From 1956 to 1966, Constant conducted at the Ballets de Paris, then directed by Roland Petit. To this period belong the numerous ballet scores for Petit and Maurice Béjart, namely: Haut-voltage (1956), Contrepointe (1958), Cyrano de Bergerac (1959), Éloge de la folie (1966) and Paradis perdu (1967). For the 1957 Aix-en-Provence Festival, he wrote a piano concerto, but won wider recognition for the premiere, conducted by Leonard Bernstein, of 24 Préludes pour Orchestre (1958). Turner (1961) was a tone poem inspired by the English painter William Turner. [3]

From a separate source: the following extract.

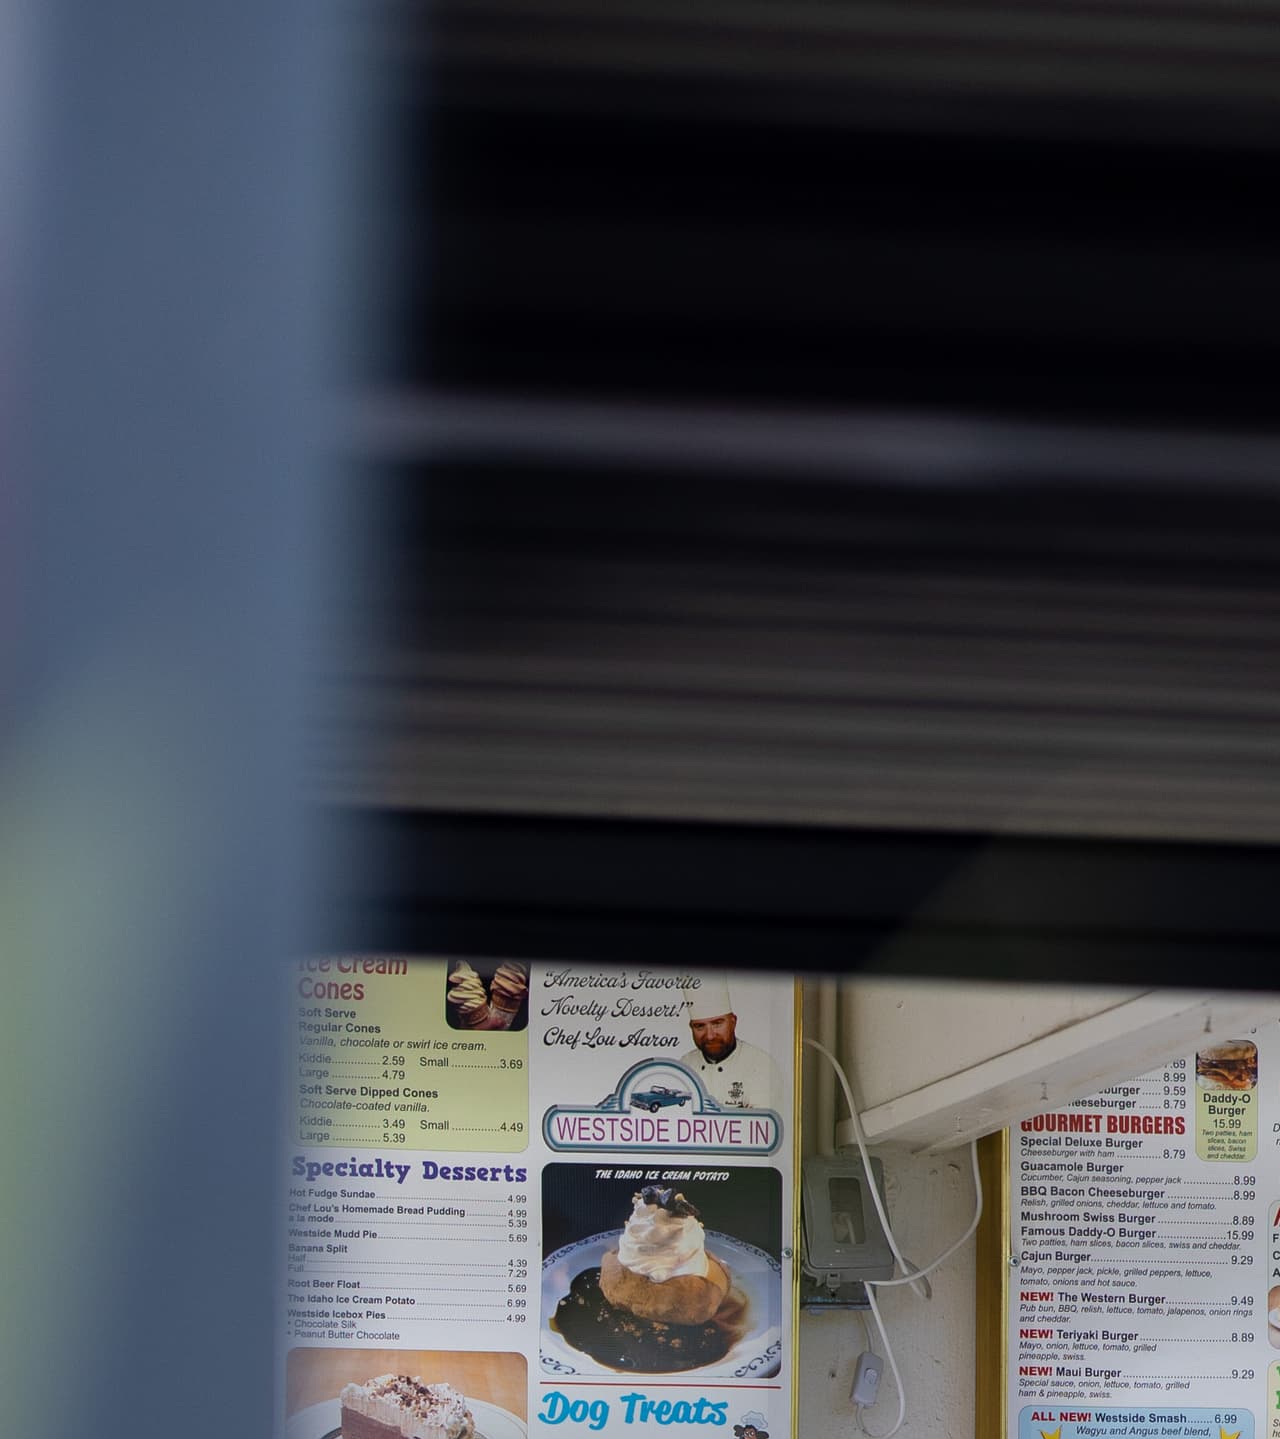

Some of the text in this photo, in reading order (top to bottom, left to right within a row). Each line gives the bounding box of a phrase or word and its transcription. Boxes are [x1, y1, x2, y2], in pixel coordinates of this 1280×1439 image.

In the late 1950s, Constant was commissioned by Lud Gluskin of CBS to create a number of short pieces for the CBS stock music library that could be used in CBS radio and TV shows. The unusual, sometimes discordant nature of Constant's work meant that the pieces were seldom heard or used. In 1960, Gluskin was asked to find a new theme for the main title and end credits of the CBS television series The Twilight Zone , then entering its second season, to replace the original one by Bernard Herrmann. New pieces submitted by Herrmann, Jerry Goldsmith, Leith Stevens, and others, were considered unsuitable. In desperation, Gluskin edited together two pieces by Constant ("Étrange No. 3", a series of repeated four-note phrases on electric guitar, and "Milieu No. 2", an odd pattern of guitar notes, bongo drums, brass and flutes). [4] The resulting theme quickly became iconic, and is easily Constant's most well-known work. Constant himself was apparently unaware for some years that his music was being used as The Twilight Zone theme. Because the music was part of a "work made for hire" agreement with CBS, Constant derived no ongoing income from it. [1] [5] [6]

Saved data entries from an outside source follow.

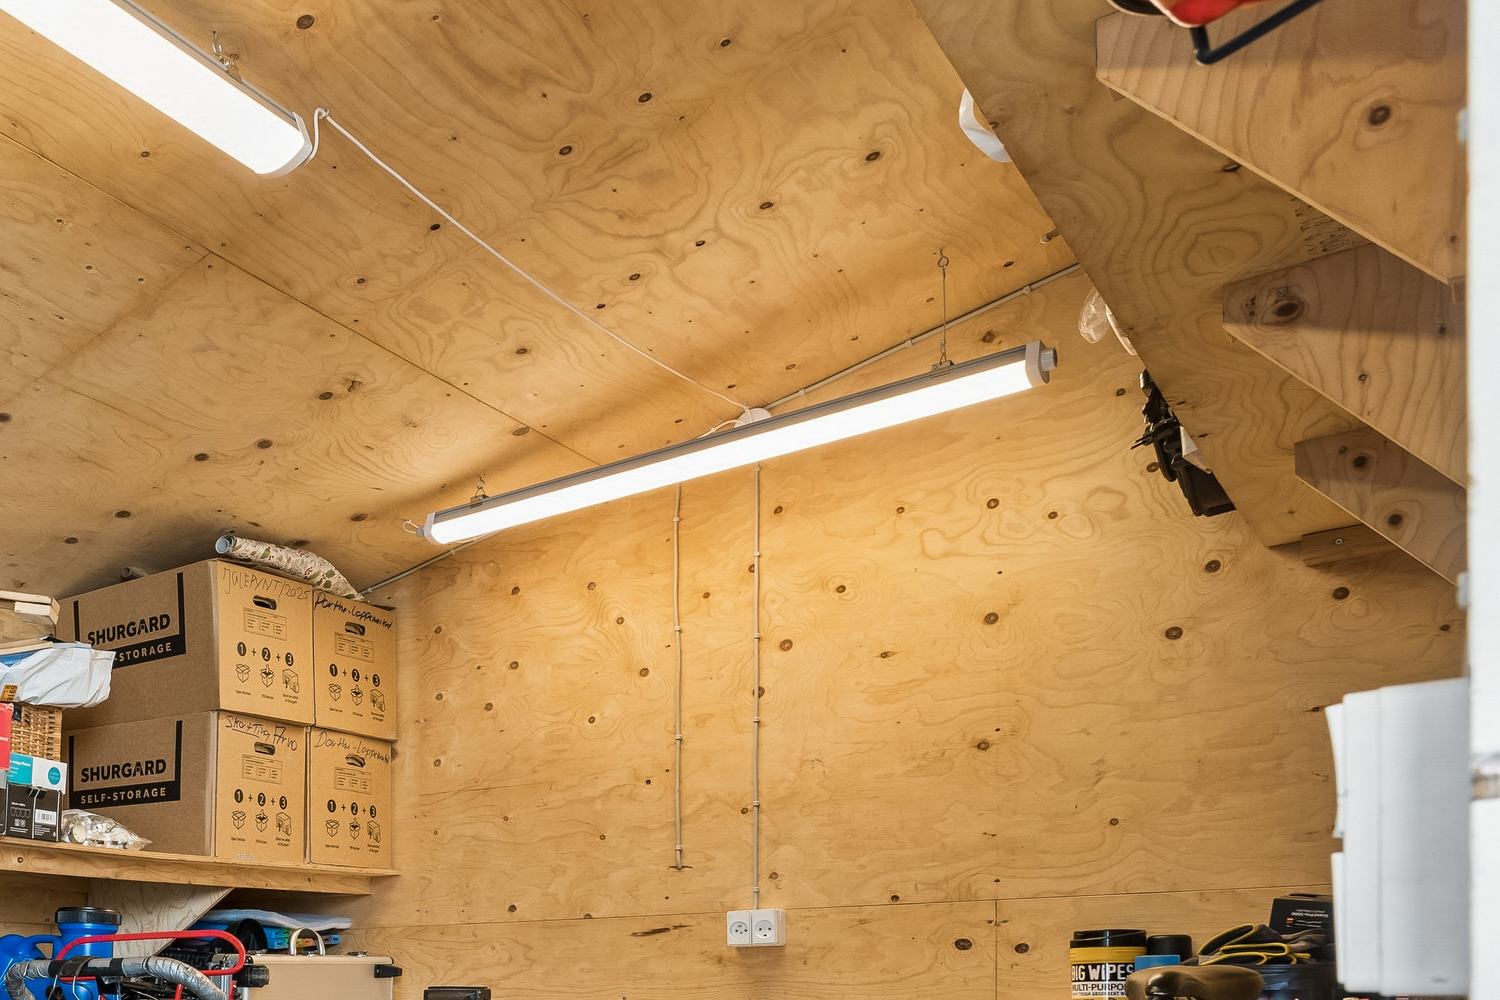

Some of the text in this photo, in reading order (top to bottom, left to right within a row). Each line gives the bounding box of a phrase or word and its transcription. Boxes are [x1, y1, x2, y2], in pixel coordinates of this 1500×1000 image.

[87, 613, 171, 647] SHURGARD
[113, 642, 172, 663] -STORAGE
[81, 758, 167, 783] SHURGARD
[81, 787, 166, 804] SELF-STORAGE
[1071, 964, 1086, 981] BIG
[1072, 983, 1126, 991] MULTI-PURPO

In 1963, Constant founded the pioneering Ensemble Ars Nova. In 1970, he took over the musical direction of the ORTF; from 1973 to 1978 he directed at the Paris Opera, and in 1988 and 1989 was Professor of Orchestration at the Paris Conservatory. Besides these appointments, he taught at Stanford University and in Hilversum. Later ballets include Septentrion (1975), Nana (1976) and L'ange bleu (1985). La tragédie de Carmen (1981), his adaptation of Bizet's opera for director Peter Brook, was an international success.

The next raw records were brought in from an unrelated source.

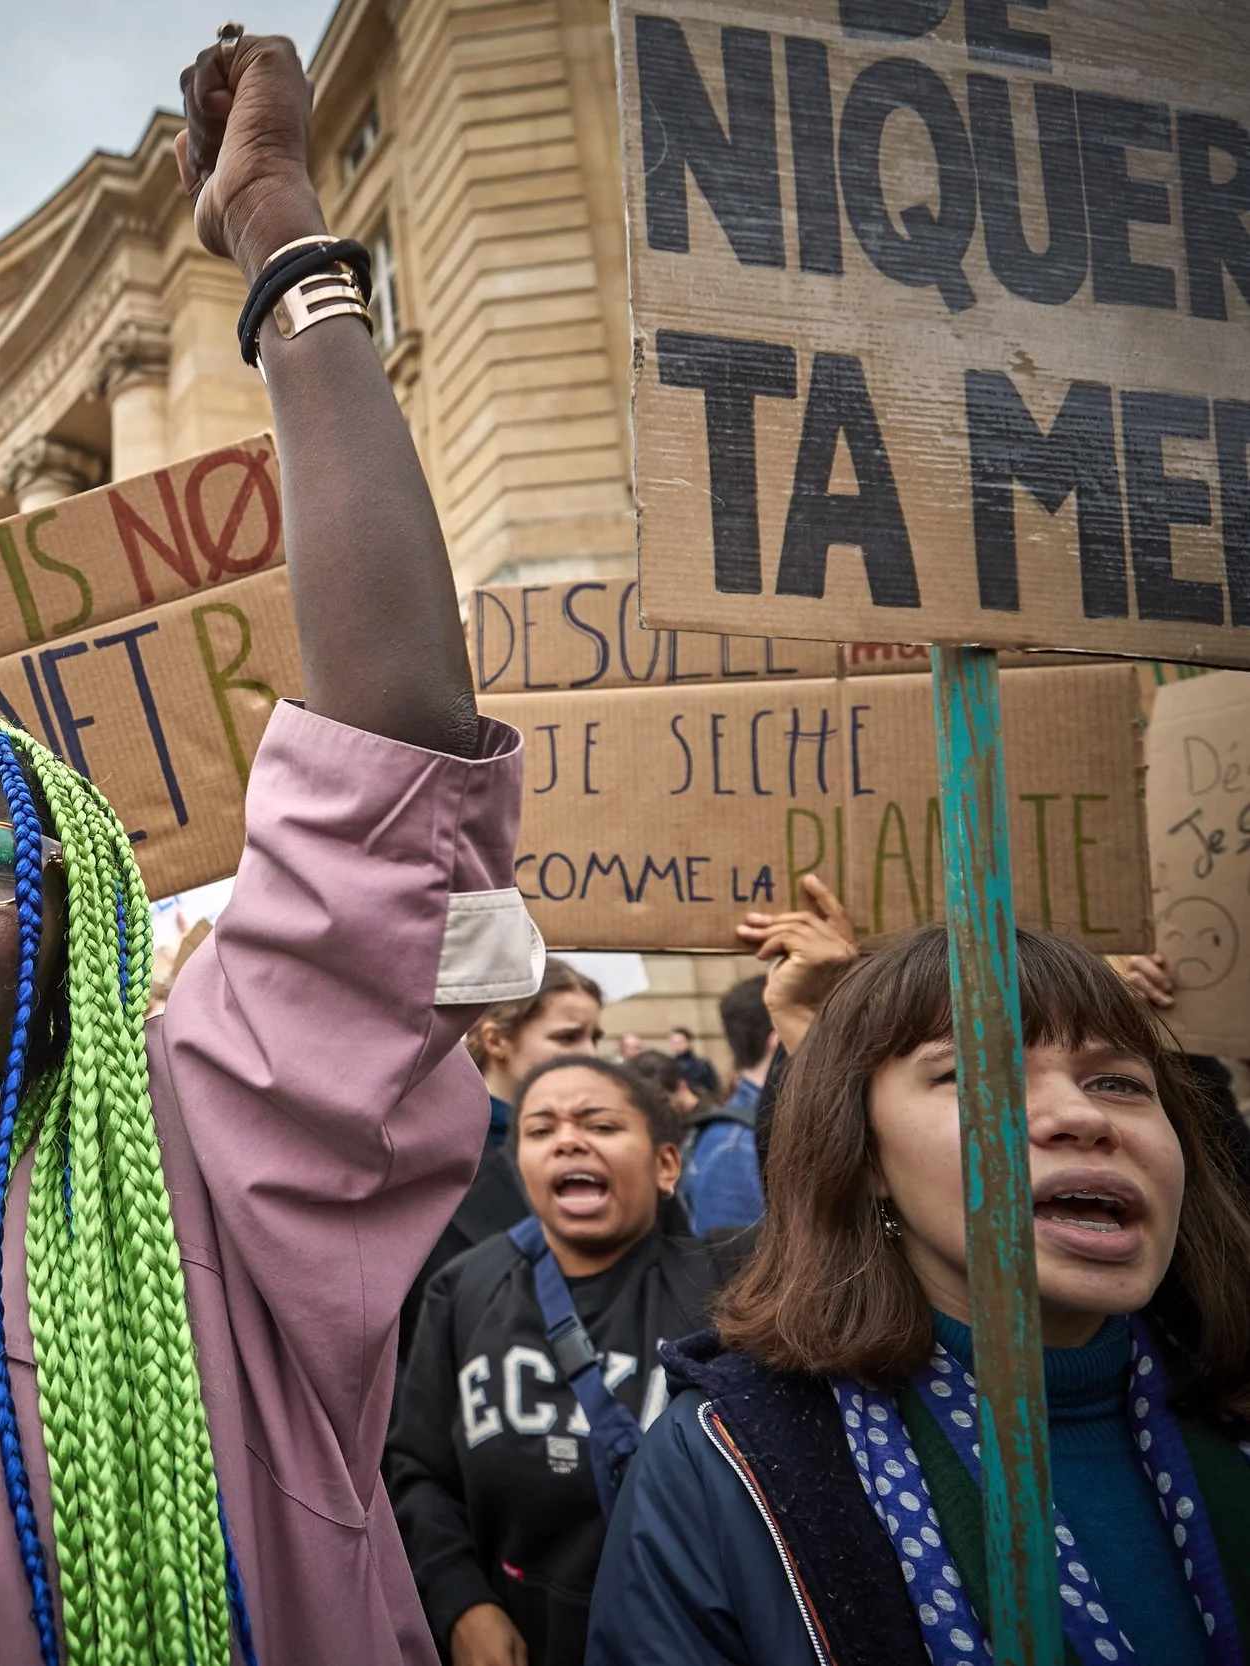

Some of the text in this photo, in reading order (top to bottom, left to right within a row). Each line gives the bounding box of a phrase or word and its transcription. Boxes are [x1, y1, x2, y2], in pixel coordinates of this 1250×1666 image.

[635, 15, 1250, 323] NIQUER
[655, 329, 921, 609] TA
[533, 704, 876, 798] JE SECHE
[515, 852, 715, 904] COMME
[732, 865, 776, 903] LA

Composed in 1981, 103 Regards dans l’eau is a violin concerto with 103 titled 'movements' in four main sections, inspired by “poetic celebrations of water” taken from a variety of literary and scientific sources. [3] In 1983, he wrote a Symphonie based on Claude Debussy's opera Pelléas et Mélisande . [7] In 1987, he arranged the orchestral music for the ballet Les mariés de la tour Eiffel , a pastiche by various French composers, for an ensemble of 15 instruments. In 1990, he also made an orchestral arrangement of the piano composition Gaspard de la nuit by Maurice Ravel. [8] He returned to Debussy's Pelleas in 1992 when he abridged and arranged Debussy's score for two pianos in a Peter Brook production entitled Impressions of Pelleas. [9]
He died in Paris in 2004, aged 79, and is buried at Ivry Cemetery, Ivry-sur-Seine.